The factors that control planktonic duration and juvenile condition in marine invertebrates with feeding larvae have long been recognized as critical to understanding their ecology and evolution. Larval feeding environment is clearly one of those factors, but previous work has focused almost exclusively on one feature of that environment, the abundance of food. This project will evaluate the importance of another potentially critical dimension of the larval feeding environment: the presence of large inedible particles, which are frequently abundant in natural plankonic communities. It takes a comparative approach to address two key questions about the effects of large inedible particles on larvae (including those of echinoderms, annelids, and molluscs) that feed using several different particle capture mechanisms. First, do large inedible particles present in natural plankton reduce larval feeding rates? And second, does the presence of large inedible particles extend larval planktonic duration or result in the production of lower quality juveniles? Feeding rates of larvae will be measured in short-term experiments in which larvae are exposed to both food and to natural or artificial large inedible particles over a range of concentrations.

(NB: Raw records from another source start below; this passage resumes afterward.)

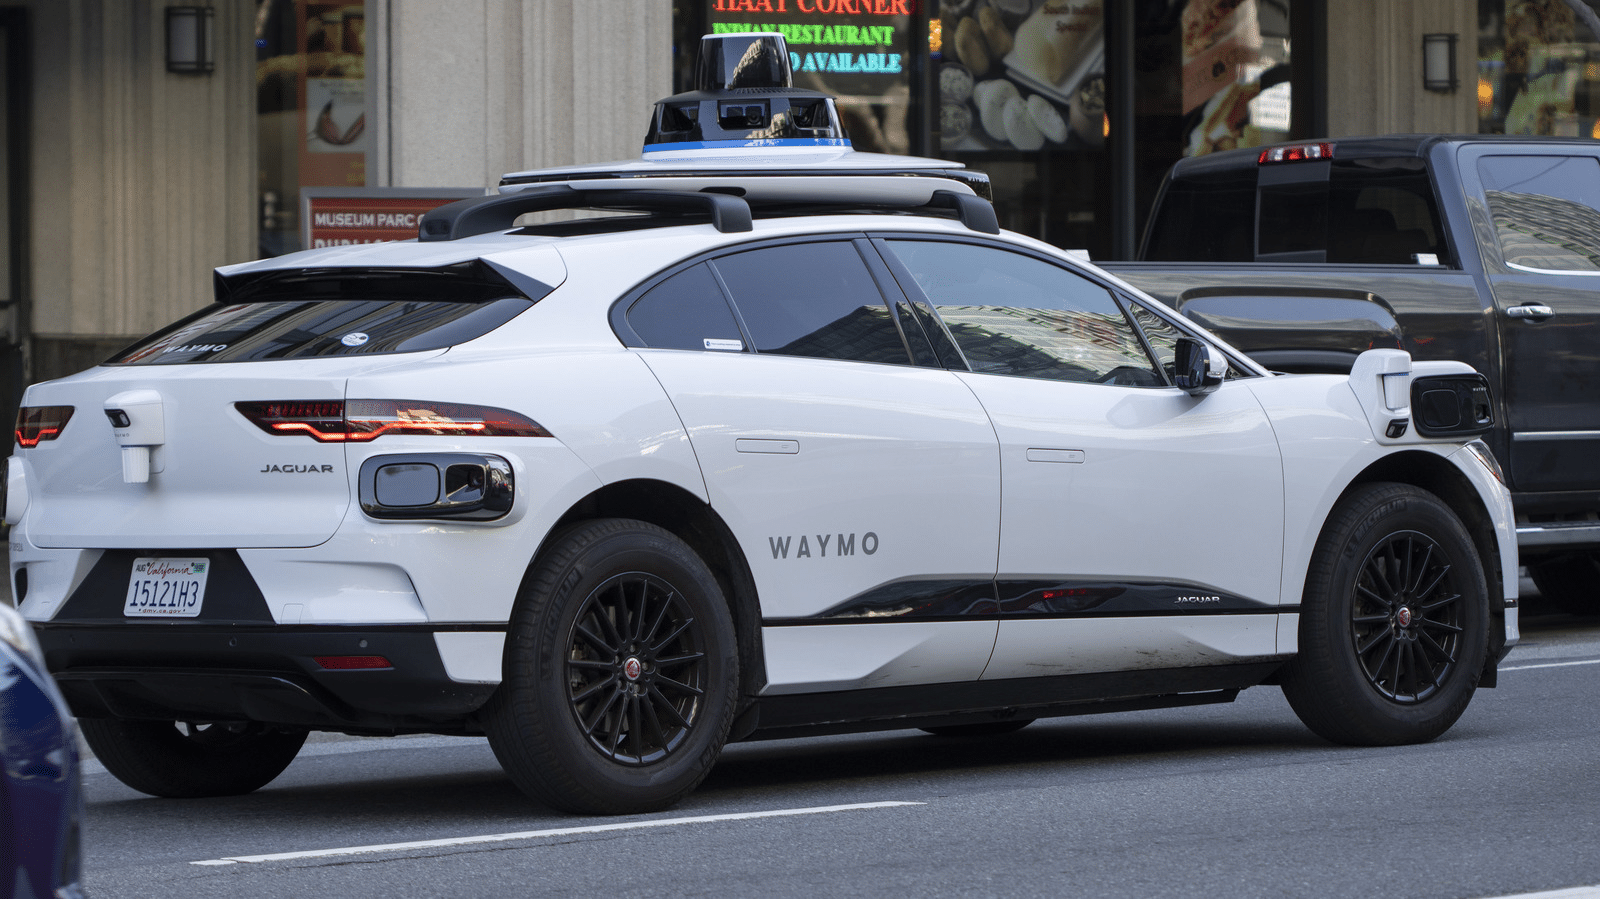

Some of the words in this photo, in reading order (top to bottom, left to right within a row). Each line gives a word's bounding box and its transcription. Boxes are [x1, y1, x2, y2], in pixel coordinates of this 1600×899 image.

[712, 0, 787, 13] HAAT
[797, 0, 910, 15] CORNER
[778, 25, 895, 45] RESTAURANT
[802, 52, 902, 73] AVAILABLE
[314, 213, 375, 226] MUSEUM
[377, 214, 415, 227] PARC
[162, 344, 228, 354] WAYMO
[260, 464, 334, 473] JAGUAR
[768, 531, 879, 559] WAYMO
[136, 564, 146, 572] AUG
[147, 562, 193, 579] California
[130, 580, 199, 607] 15121H3
[1173, 596, 1220, 604] JAGUAR
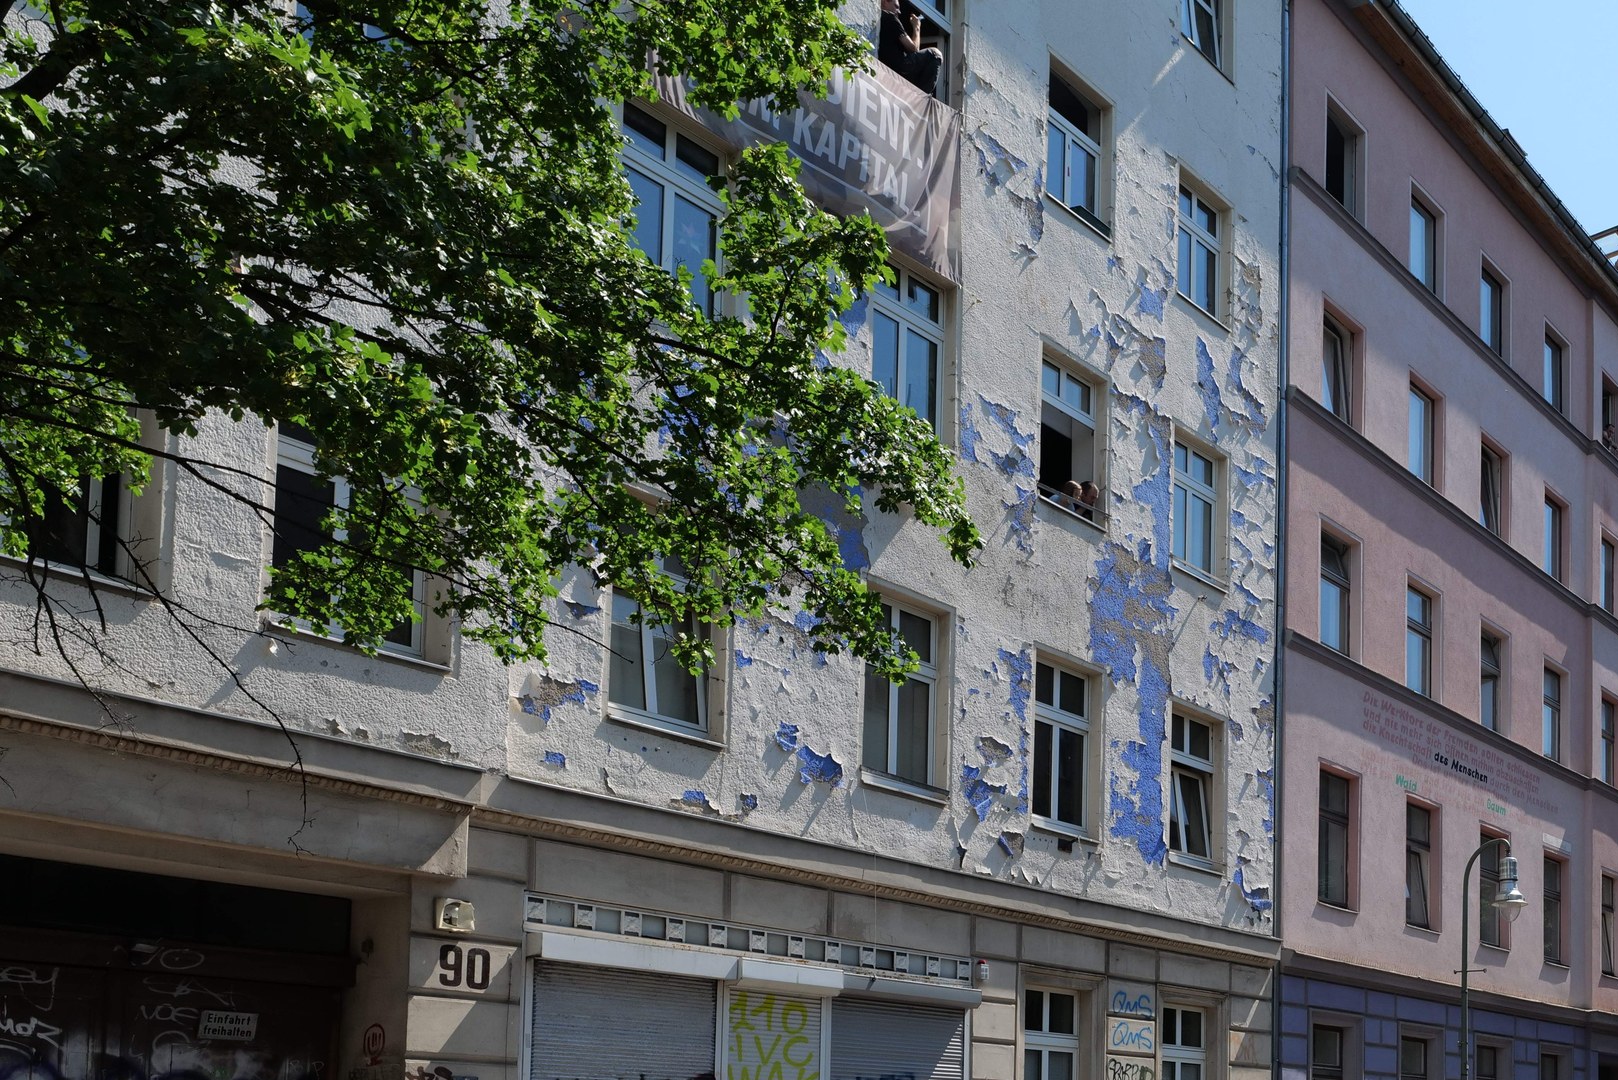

Effects of large inedible particles on planktonic duration and juvenile quality will be measured by culturing larvae through their entire life cycles in the presence of large inedible particles at various concentrations. Because feeding performance is an important determinant of planktonic duration, larval survival, and juvenile condition, the project will add greatly to our understanding of how conditions in the plankton affect the population dynamics of the many marine invertebrates with feeding larvae.